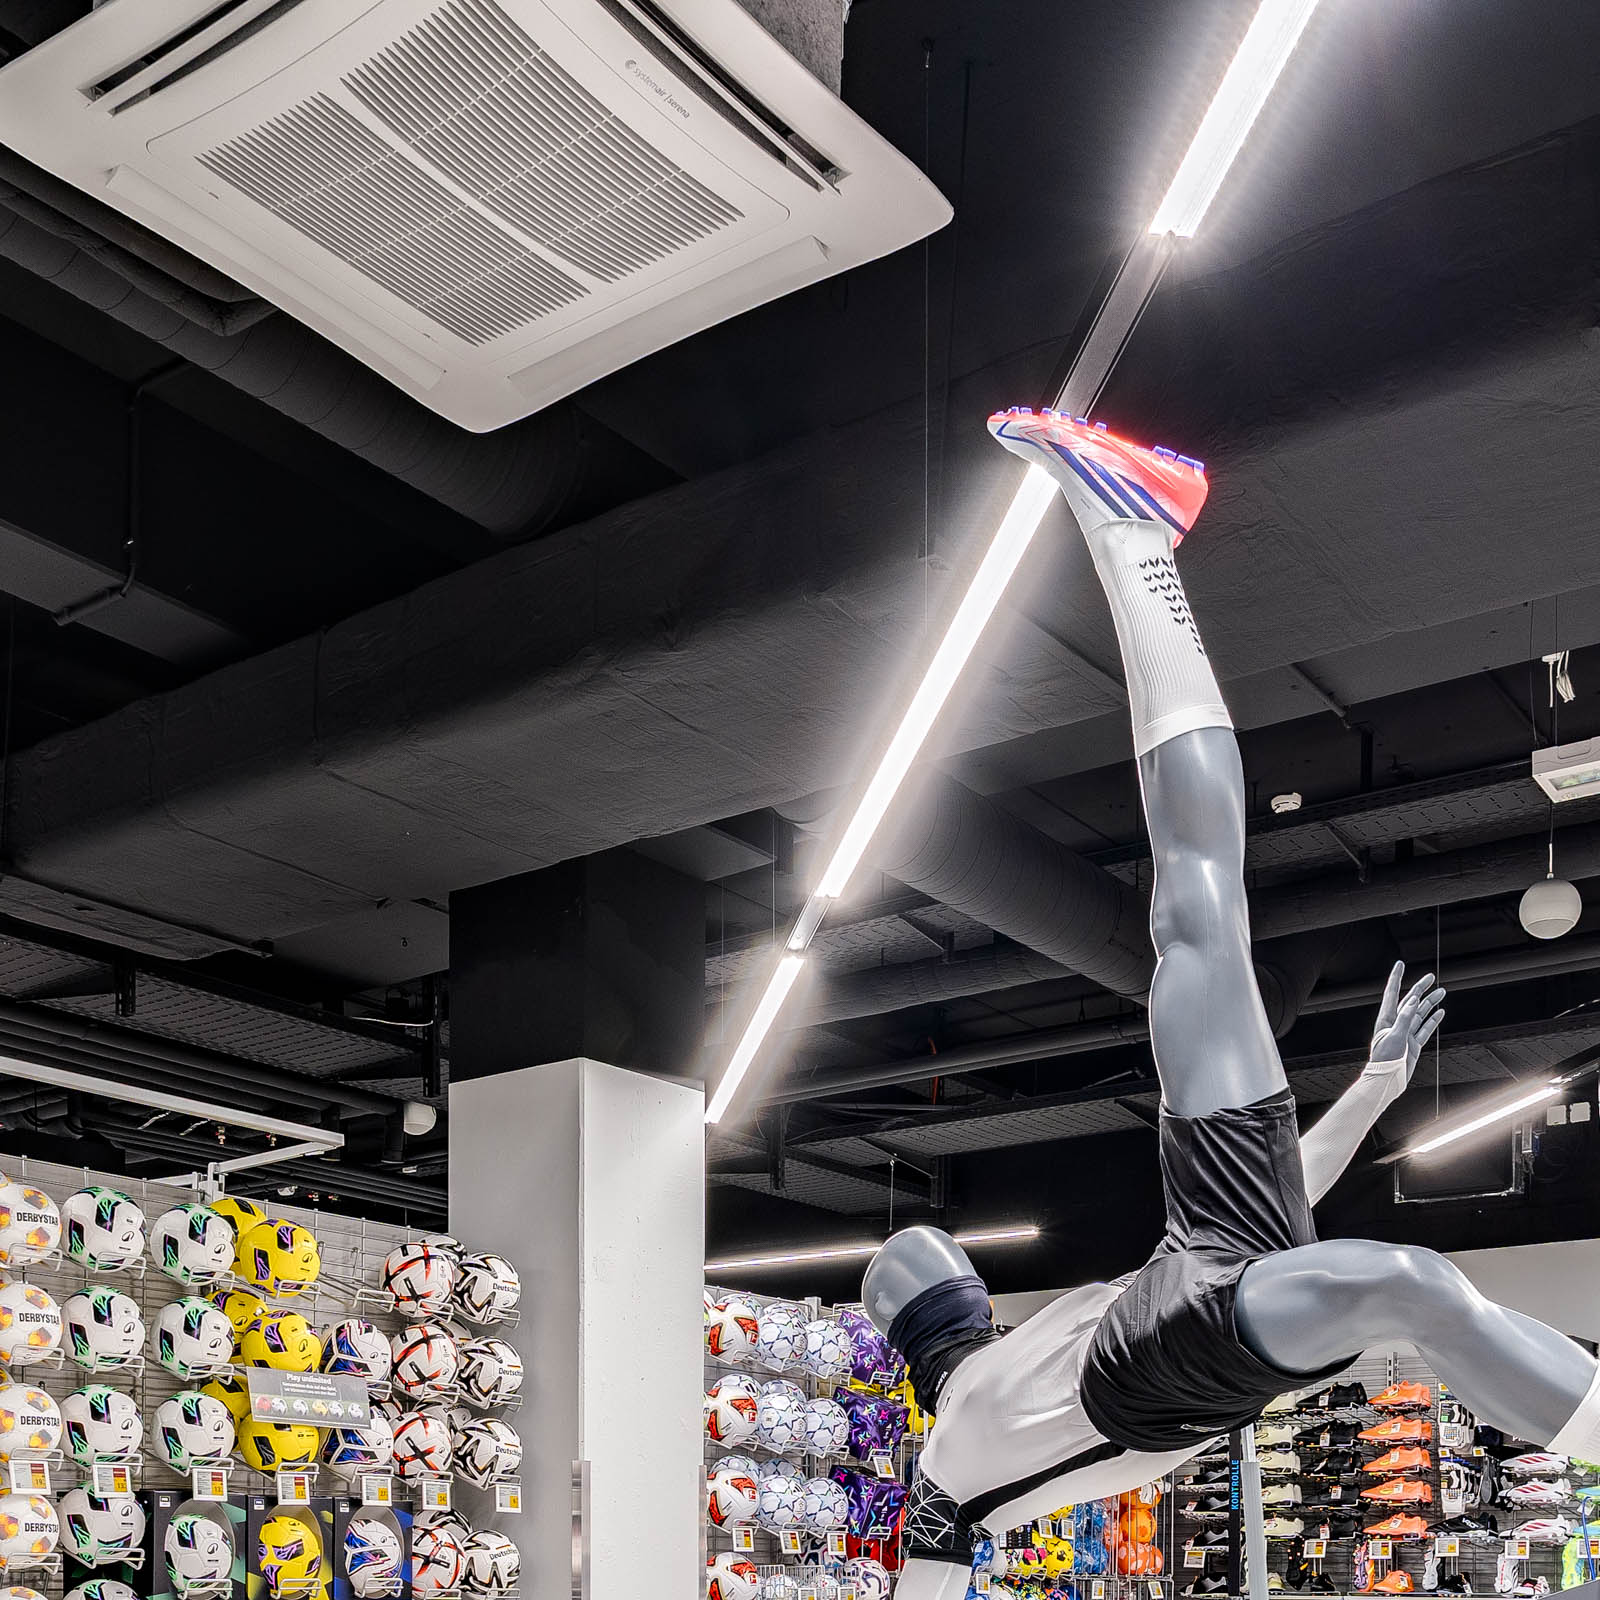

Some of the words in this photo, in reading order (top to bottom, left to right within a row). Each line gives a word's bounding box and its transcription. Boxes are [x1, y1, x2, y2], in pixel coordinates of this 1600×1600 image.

[286, 1373, 301, 1383] Play
[302, 1375, 332, 1385] unlimited
[1231, 1459, 1239, 1511] KONTROLLE
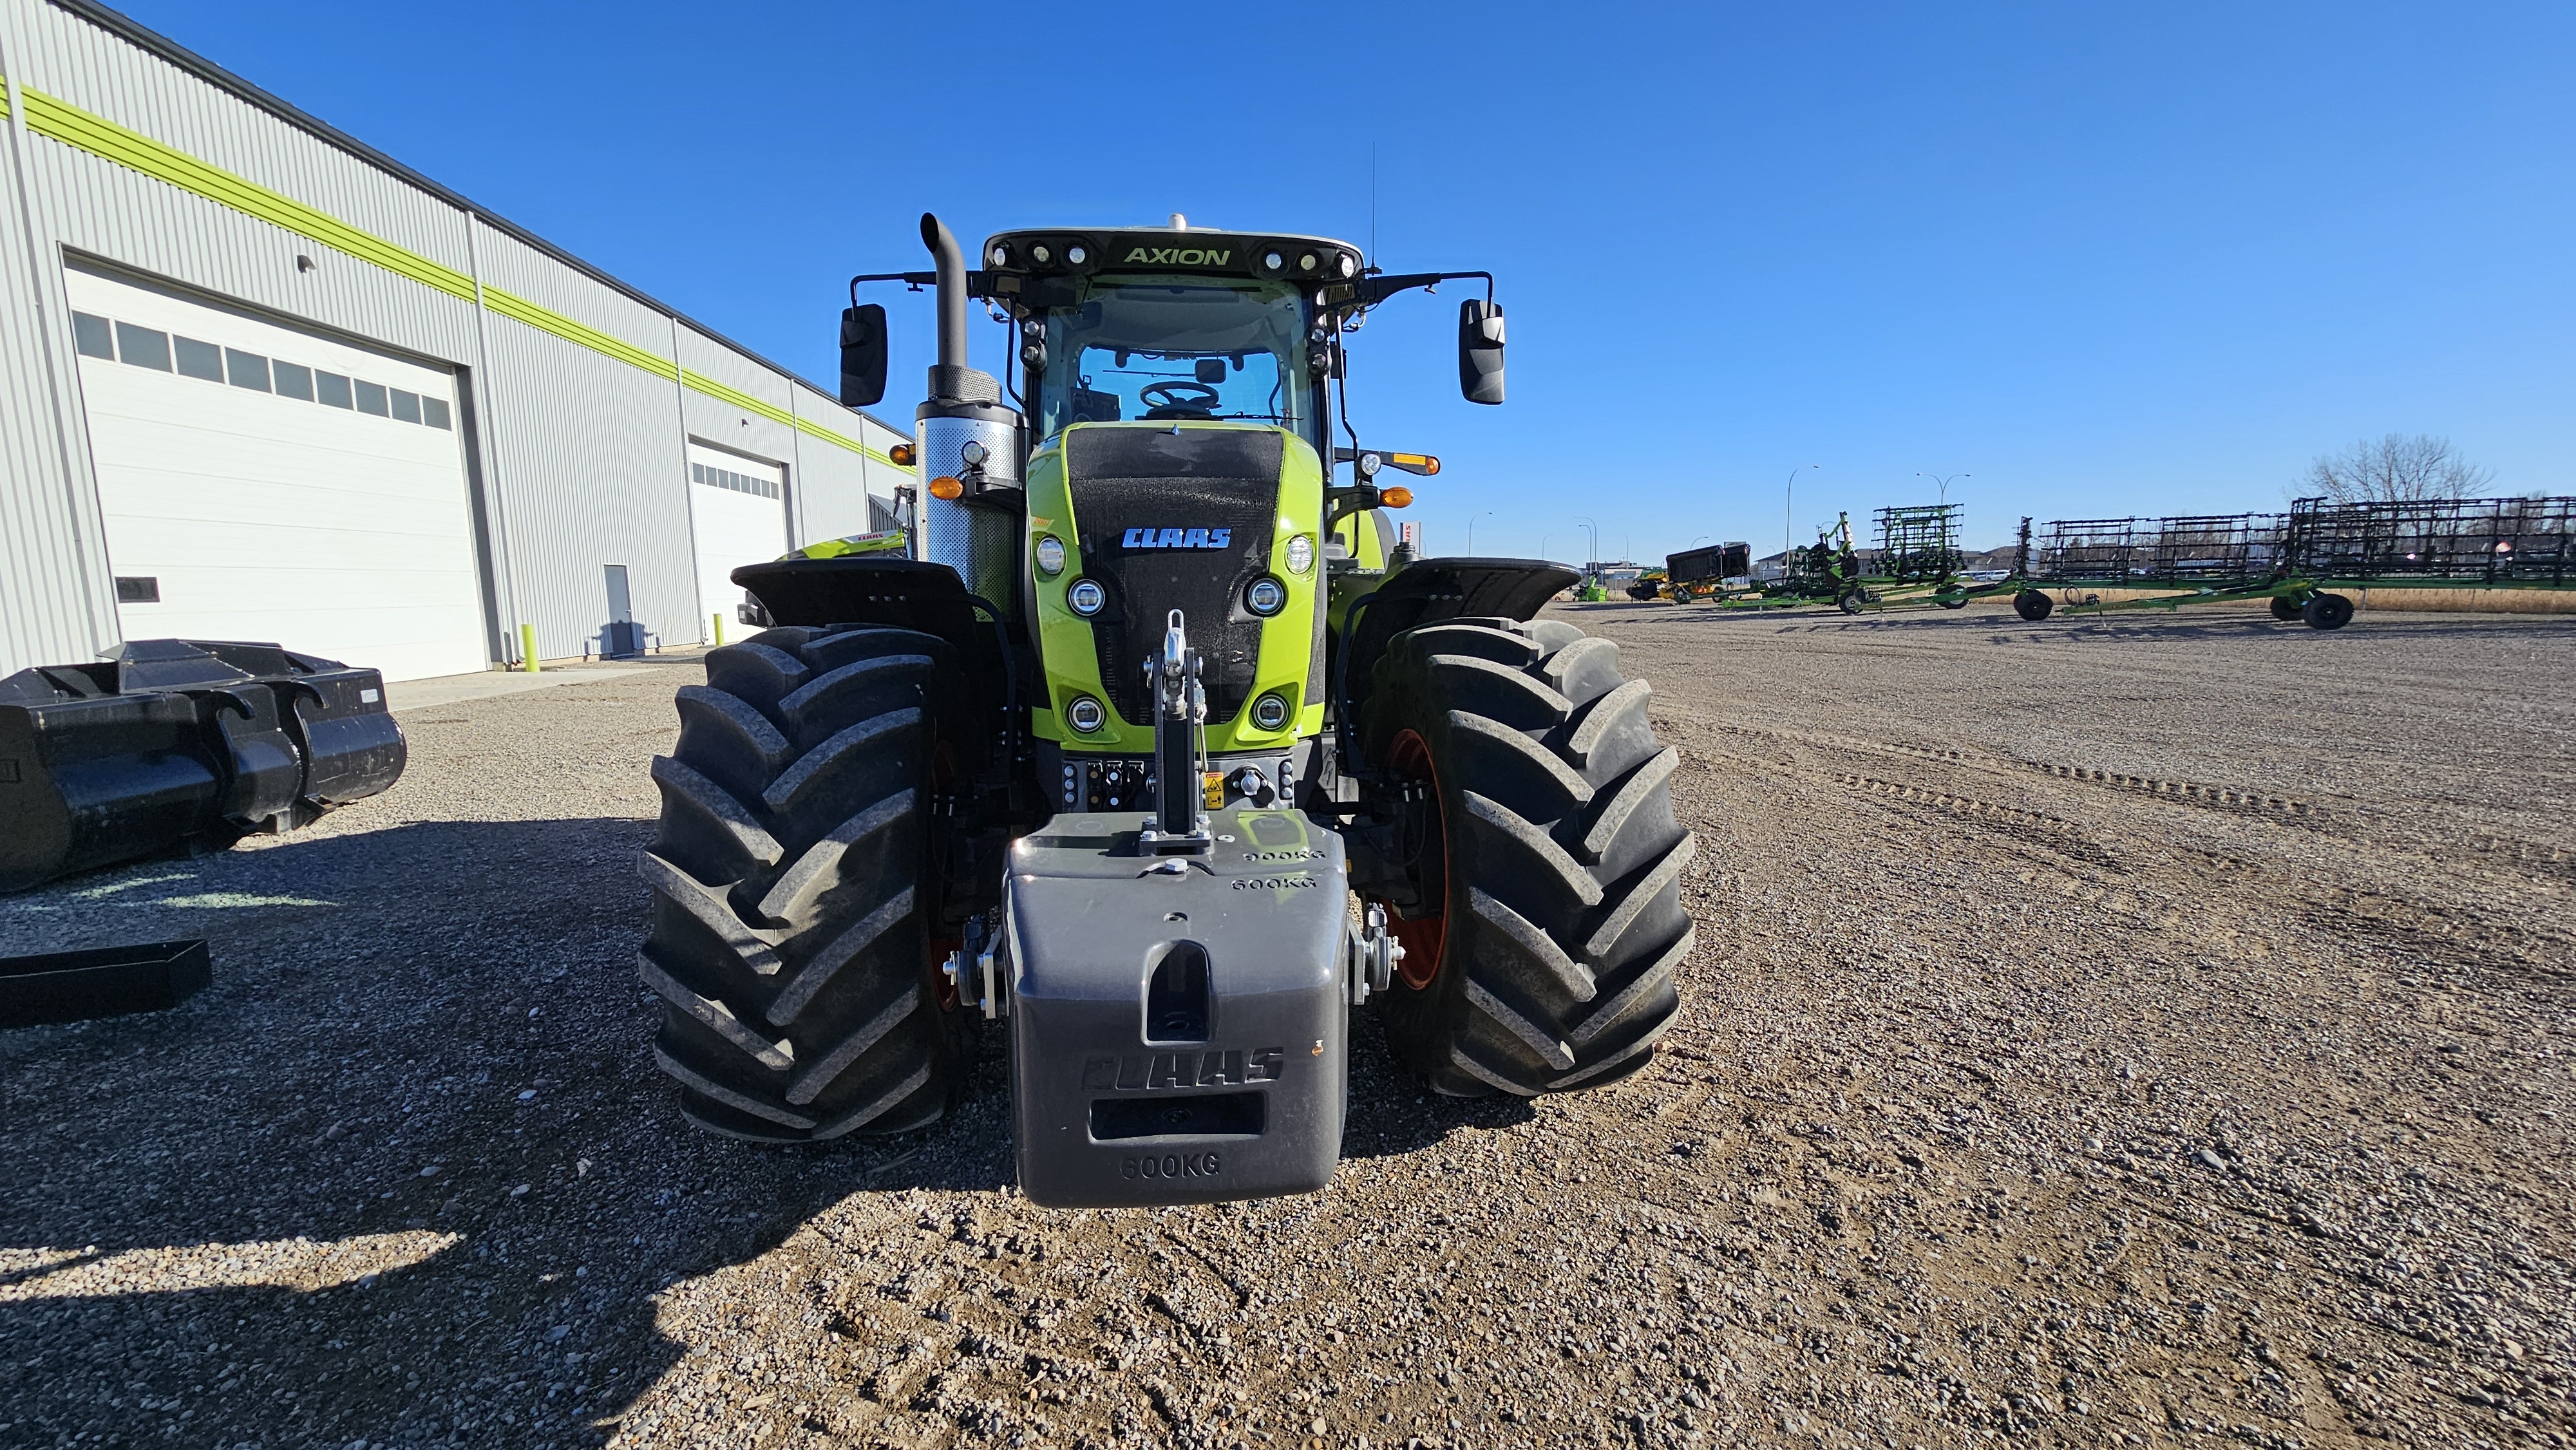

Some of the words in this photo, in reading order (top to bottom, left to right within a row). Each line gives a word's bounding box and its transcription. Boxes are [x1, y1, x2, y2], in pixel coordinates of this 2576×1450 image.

• [Work instruction] Please write out the entire listing above exactly, but leave the pictures out.

• [Solved problem]
Some of the words in this photo, in reading order (top to bottom, left to right within a row). Each line gives a word's bounding box and its transcription. Boxes are [x1, y1, x2, y2], in pixel coordinates of this 1600×1600 image.

[286, 1373, 301, 1383] Play
[302, 1375, 332, 1385] unlimited
[1231, 1459, 1239, 1511] KONTROLLE

Some of the words in this photo, in reading order (top to bottom, left to right within a row). Each line gives a word's bounding box and its transcription. Boxes are [x1, y1, x2, y2], in pixel coordinates of this 2576×1450 image.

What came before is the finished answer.